Fig. 4: Simulation of the heat transfer in the nested capillary.

a Schematic diagram of the nested capillary structure, b 3-dimensional temperature distribution within the nested capillary at the air flow rate of 0.9 sccm, c temperature distribution within the x–y cross section at the z coordinate of 500 µm, d minimal temperature of the LC area in figure (c) as a function of the air flow rate. (LC: liquid crystal).

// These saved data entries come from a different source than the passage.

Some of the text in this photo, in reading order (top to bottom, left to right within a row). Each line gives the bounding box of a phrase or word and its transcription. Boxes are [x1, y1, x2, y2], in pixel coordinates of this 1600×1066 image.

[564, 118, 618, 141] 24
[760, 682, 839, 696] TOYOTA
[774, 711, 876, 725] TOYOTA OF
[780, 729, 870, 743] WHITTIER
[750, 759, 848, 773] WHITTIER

Study of the influence of the flow rate on the WGM spectrum

Figure 5a shows the experimental transmission spectra of the nested capillary resonator corresponding to different air flow rates. Figure 5b illustrates the dependency of the selected resonant dip position (at circa 1551.5 nm) versus the flow rate and its exponential fit in the range of flow rates from 0 to 5.04 sccm. As can be seen from the graph, the selected WGM resonance wavelength increases in a non-linear fashion with the increase of the flow rate. The maximum sensitivity of the proposed sensor was calculated as 0.3423 nm·sccm⁻¹ in the range of flow rates from 0 to 2.52 sccm. The maximum experimentally measured spectral shift is 1.1 nm corresponding to the increase of the flow rate from 0 to 5.04 sccm.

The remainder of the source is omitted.